Problem requirements: Only the images are to be dropped; the records themselves must be repeated exactly.

Data extracted from a collection:
┄┄┄┄┄┄┄┄┄┄┄┄┄┄┄┄┄┄┄┄
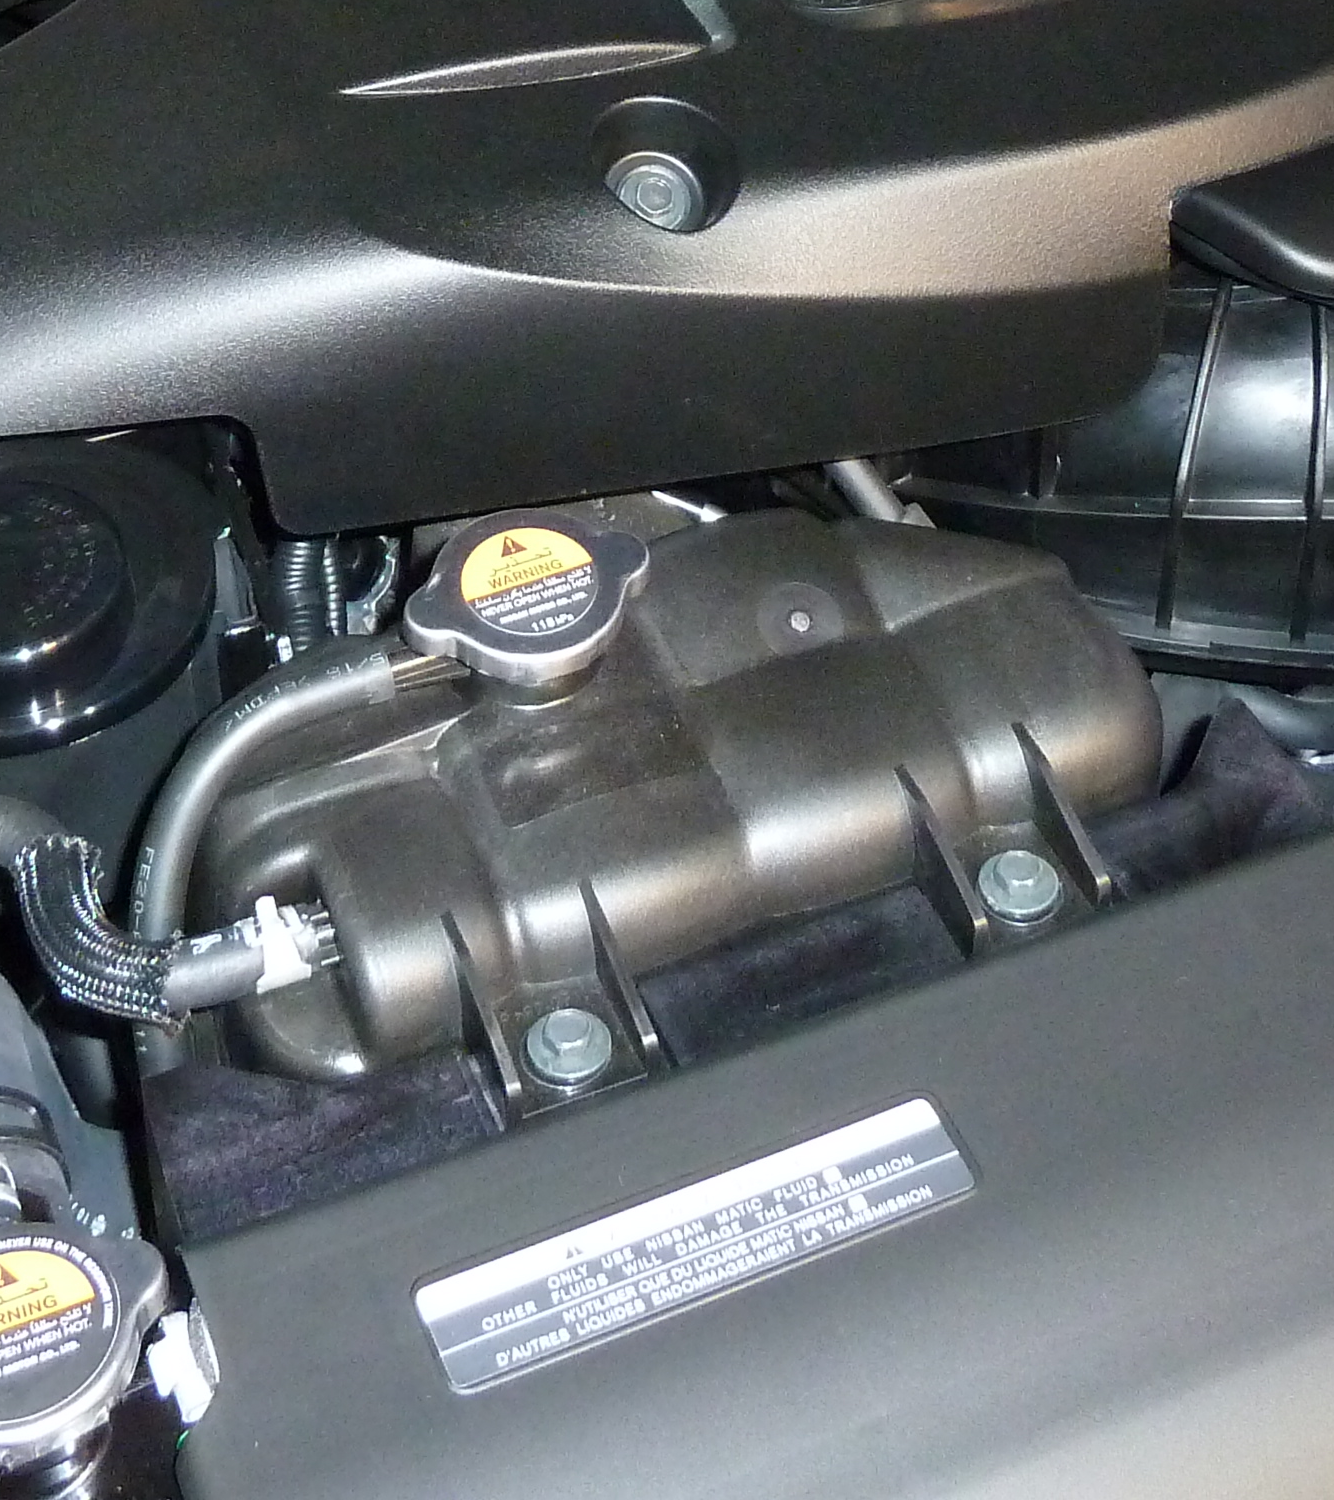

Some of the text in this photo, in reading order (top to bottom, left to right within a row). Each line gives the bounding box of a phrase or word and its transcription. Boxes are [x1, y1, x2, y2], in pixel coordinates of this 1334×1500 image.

[481, 601, 512, 616] NEVER
[513, 593, 540, 607] OPEN
[541, 583, 570, 598] WHEN
[487, 559, 564, 590] WARNING
[481, 1300, 537, 1331] OTHER
[550, 1273, 609, 1304] FLUIDS
[621, 1254, 663, 1277] WILL
[675, 1222, 743, 1257] DAMAGE
[754, 1204, 788, 1226] THE
[799, 1153, 915, 1207] TRANSMISSION
[495, 1327, 571, 1367] D'AUTRES
[575, 1297, 646, 1336] LIQUIDES
[650, 1238, 797, 1305] ENDOMMAGERAIENT
[801, 1227, 822, 1247] LA
[825, 1184, 933, 1241] TRANSMISSION
[547, 1176, 818, 1290] ONLY USE NISSAN MATIC FLUID
[562, 1204, 846, 1325] N'UTILISER QUE DU LIQUIDE MATIC NISSAN
[24, 1328, 61, 1349] WHEN
[62, 1317, 92, 1335] HOT.
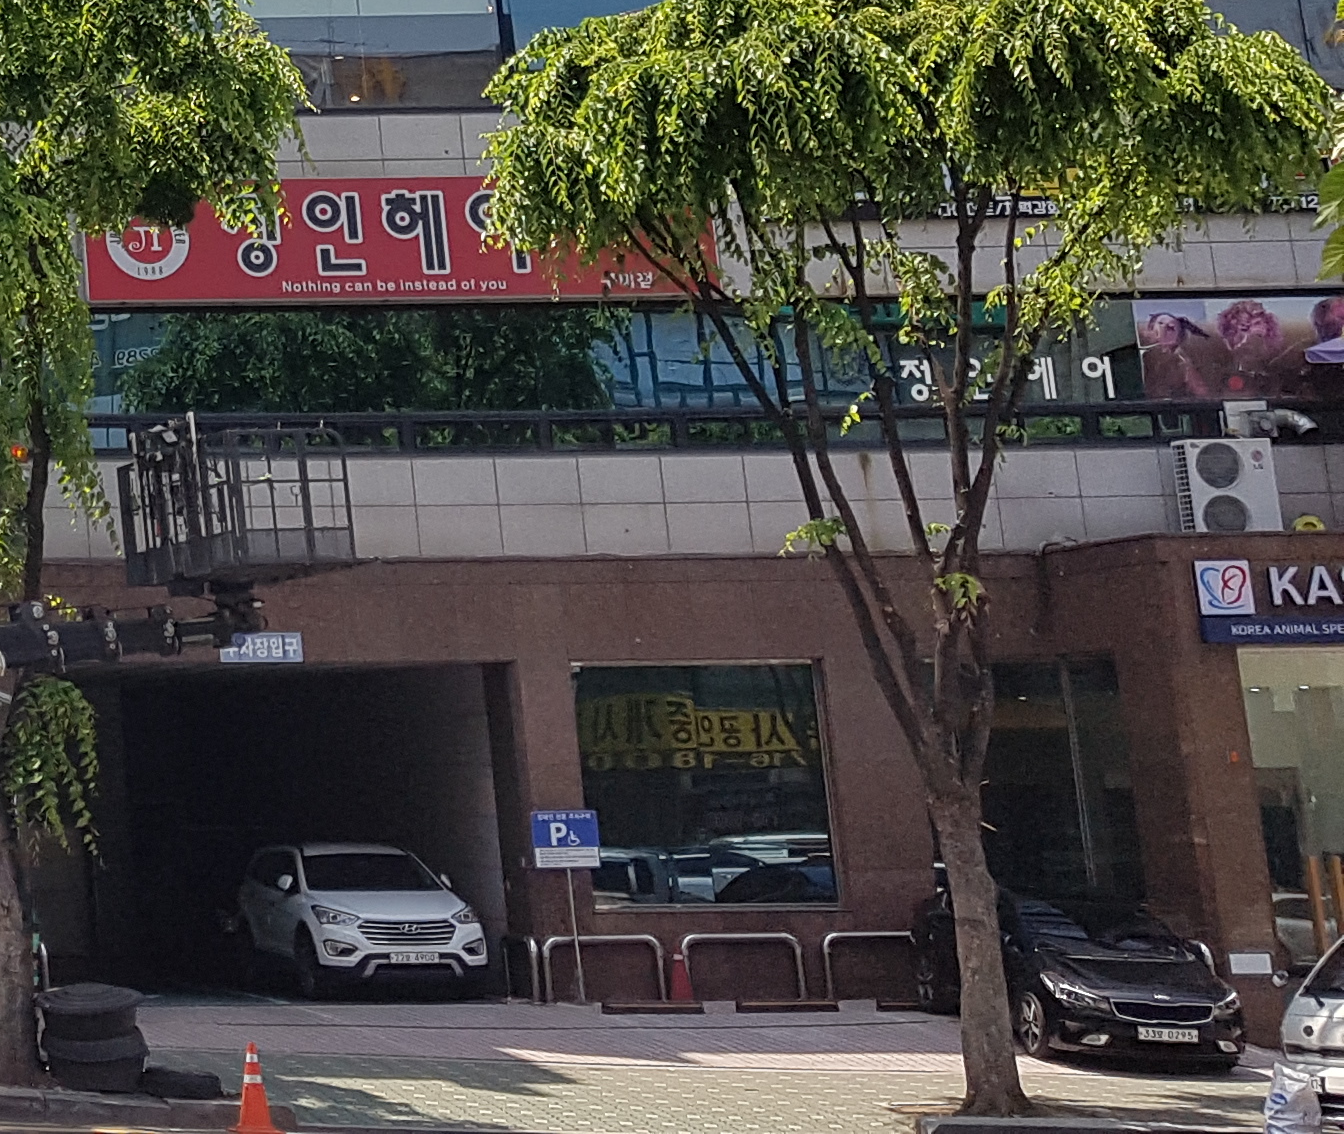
┄┄┄┄┄┄┄┄┄┄┄┄┄┄┄┄┄┄┄┄
Result below:
Some of the text in this photo, in reading order (top to bottom, left to right within a row). Each line gives the bounding box of a phrase or word and its transcription. Boxes are [x1, y1, x2, y2], in pixel coordinates of this 1334×1500 image.

[481, 601, 512, 616] NEVER
[513, 593, 540, 607] OPEN
[541, 583, 570, 598] WHEN
[487, 559, 564, 590] WARNING
[481, 1300, 537, 1331] OTHER
[550, 1273, 609, 1304] FLUIDS
[621, 1254, 663, 1277] WILL
[675, 1222, 743, 1257] DAMAGE
[754, 1204, 788, 1226] THE
[799, 1153, 915, 1207] TRANSMISSION
[495, 1327, 571, 1367] D'AUTRES
[575, 1297, 646, 1336] LIQUIDES
[650, 1238, 797, 1305] ENDOMMAGERAIENT
[801, 1227, 822, 1247] LA
[825, 1184, 933, 1241] TRANSMISSION
[547, 1176, 818, 1290] ONLY USE NISSAN MATIC FLUID
[562, 1204, 846, 1325] N'UTILISER QUE DU LIQUIDE MATIC NISSAN
[24, 1328, 61, 1349] WHEN
[62, 1317, 92, 1335] HOT.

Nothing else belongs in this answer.